Optimizing My Website For Photo Editors

SEO for photographers is critical to the success of a portfolio website. For almost a year, I’ve listened to what Rob Haggart at A Photo Editor says. He’s brutally honest, highly opinionated and knows a hell of a lot more about the editorial photo biz than I ever will. Rob recently launched A Photo Folio so that photographers can have websites that photo editors won’t hate. If I were looking to launch an online portfolio today, A Photo Folio would be the place I’d start.
For several years, however, I’ve been a relatively happy client of SiteWelder. So, when Rob did this blog post about how his Photo Folio site is tweaked to keep photo editors happy, I compared it to what I had going on my site.
Here’s how I hacked two of Rob’s great ideas into my SiteWelder site.
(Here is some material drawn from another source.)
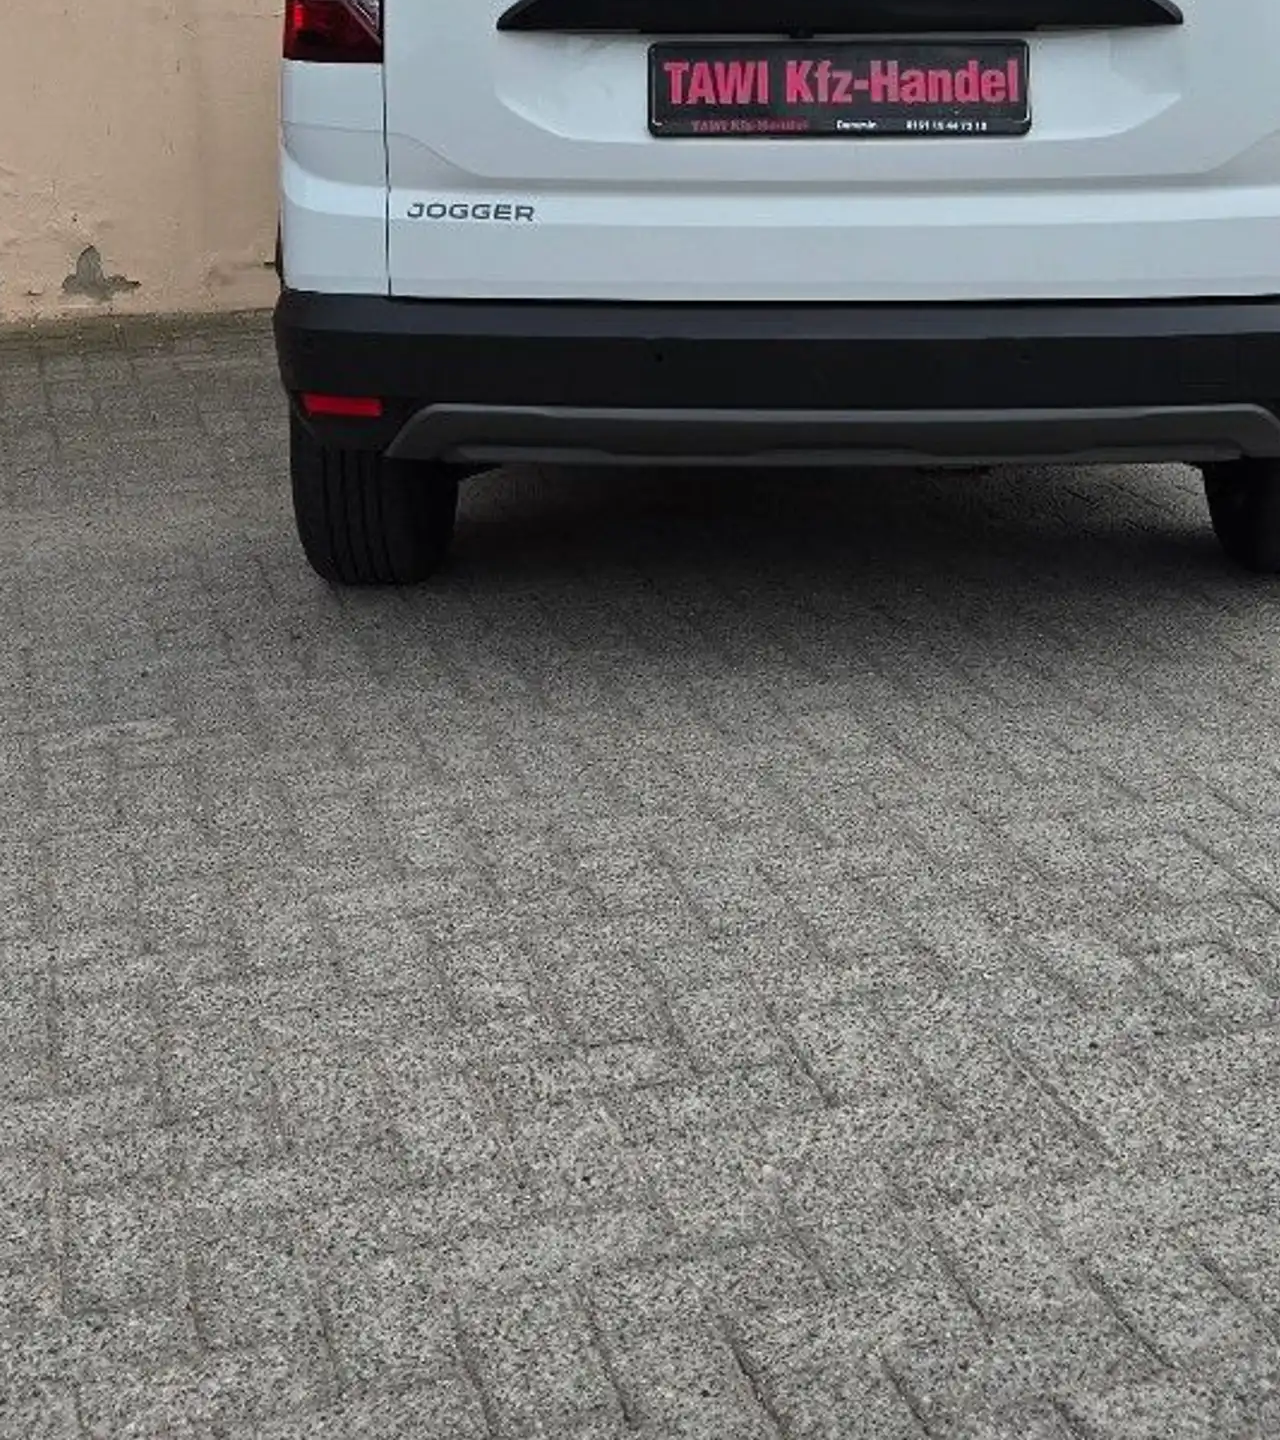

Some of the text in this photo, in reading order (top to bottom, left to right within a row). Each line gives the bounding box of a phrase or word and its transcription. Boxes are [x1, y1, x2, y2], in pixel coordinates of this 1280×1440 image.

[664, 58, 1019, 105] TAWI Kfz-Handel
[406, 203, 535, 222] JOGGER
The common theme to all of this is “Photo editors work at warp speed in an environment that constantly distracts them from your portfolio. A PE will give your site a handful of seconds. Don’t waste it.“
Turn Off The Flash
Yes, Flash is cool. But, there are two big reasons not to use it for web galleries (beyond your homepage). First, if your dream photo editor gets interrupted while looking at your flash portfolio, she might miss THE one shot that gets you the phone call. Turn off the flash and force her to click through the thumbnails. This way your best shot will still be waiting when she gets off the phone. The second reason to trash the Flash is that PEs are pros and can digest pix a heck of a lot faster than us mere mortals. If your Flash gallery is moving too slow, your dream editor will move on to another site.
To kill the Flash in your SiteWelder galleries, go to the Galleries editor and click on “Slide Show Active” for each gallery. Then click on “Slide Show Disabled” or “HTML Pages With Slide Show Link”.
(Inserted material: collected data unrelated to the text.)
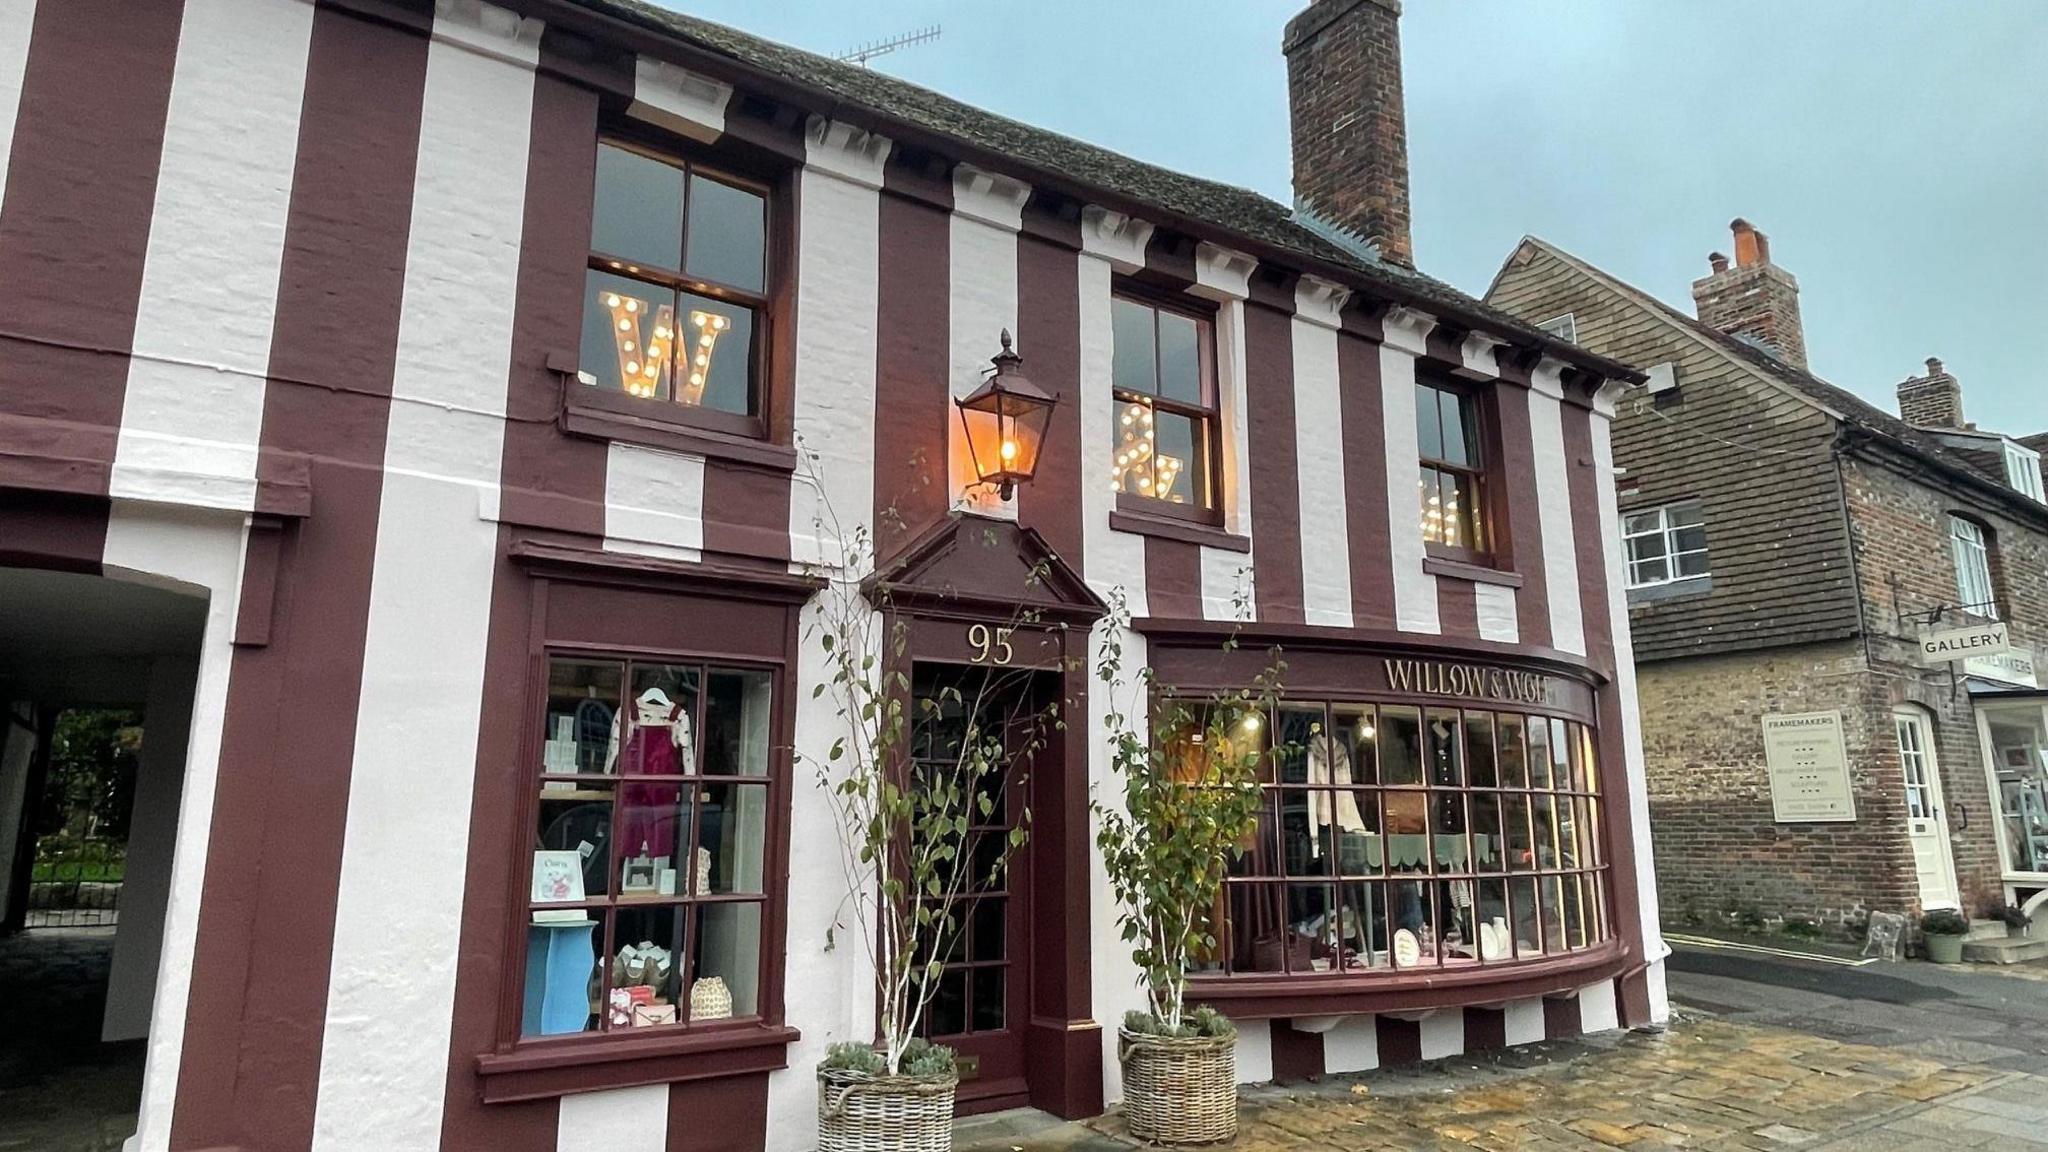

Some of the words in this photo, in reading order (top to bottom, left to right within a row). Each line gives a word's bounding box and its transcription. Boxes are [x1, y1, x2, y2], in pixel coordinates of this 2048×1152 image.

[599, 291, 731, 406] W
[968, 624, 1013, 664] 95
[1925, 633, 2003, 653] GALLERY
[1385, 659, 1486, 697] WILLOW
[1490, 670, 1503, 698] &
[1505, 670, 1552, 705] WOLF
[1768, 717, 1834, 729] FRAMEMAKERS
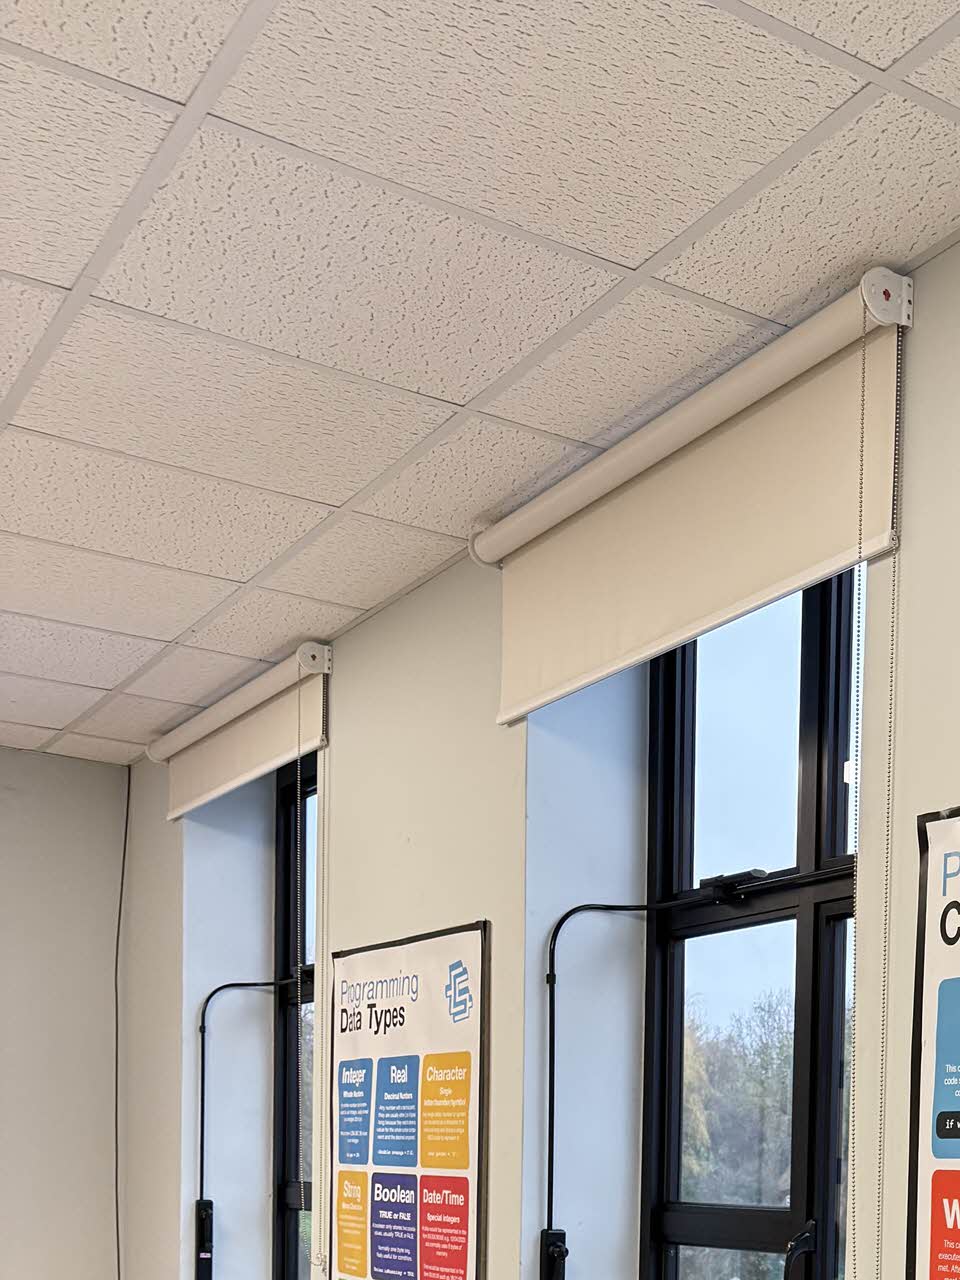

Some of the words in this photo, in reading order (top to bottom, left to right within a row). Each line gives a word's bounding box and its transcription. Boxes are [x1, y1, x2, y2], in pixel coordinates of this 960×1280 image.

[341, 970, 419, 1007] Programming
[340, 1008, 362, 1034] Data
[367, 1003, 405, 1035] Types
[342, 1067, 366, 1087] Integer
[390, 1064, 408, 1084] Real
[426, 1066, 467, 1082] Character
[945, 1119, 953, 1128] if
[374, 1183, 415, 1204] Boolean
[423, 1189, 465, 1206] Date/Time
Make It Easy For Photo Editors To Get In Touch
Of course every good site has an “About” or “Contact” page somewhere. Why risk losing the PE’s focus over an extra click or two? As Rob brilliantly advocates, the best place for your contact info is under every photo in your galleries.
So, rather than use the photo caption for something lame like “Syl Arena California Magazine Photographer”, I now have my phone number, a live email link and ©.


I‘m not much of a coder. So, I always have to go back to this great online resource for HTML code every time I do things like this. The code for my contact info is:
Tel: 805 / 226-2794 * <a href=”mailto:studio@sylarenaphoto.com”>Studio@SylArenaPhoto.com</a> * © 2001-2008 Syl Arena
I stuffed it into each and every caption box on my site. My first strategy – putting this code into my global copyright notice box – failed as it screwed up the thumbnails in my now-not-flash galleries.

If you’ve made it this far and have not stopped to check out the links to Rob’s sites, do it now because I’m covering just two of the ten points that Rob raises. Here they are again: A Photo Editor, A Photo Folio, and the great post that inspired my hacking.
A Final Tip For SiteWelder Clients: Tweaking The Homepage Text
SiteWelder Users check out the text on my home page. Be sure to keep an eye on your vertical scroll bar while you are checking it out. Every bit of the text below the Flash gallery was hand coded. It’s there to give prospective clients several sources of info about me and to help bolster my presence on relevant Google searches. I wrote the code in Smultron (a free text editor for Mac OS) and pasted it into the “Copyright information” box on the Home Page control panel. To make this work smoothly, you have to go to the “Account Info” control panel and turn off the option to show contact info on pages. Otherwise the contact info tragically appears at a random point in the middle of my long, rambling home page text.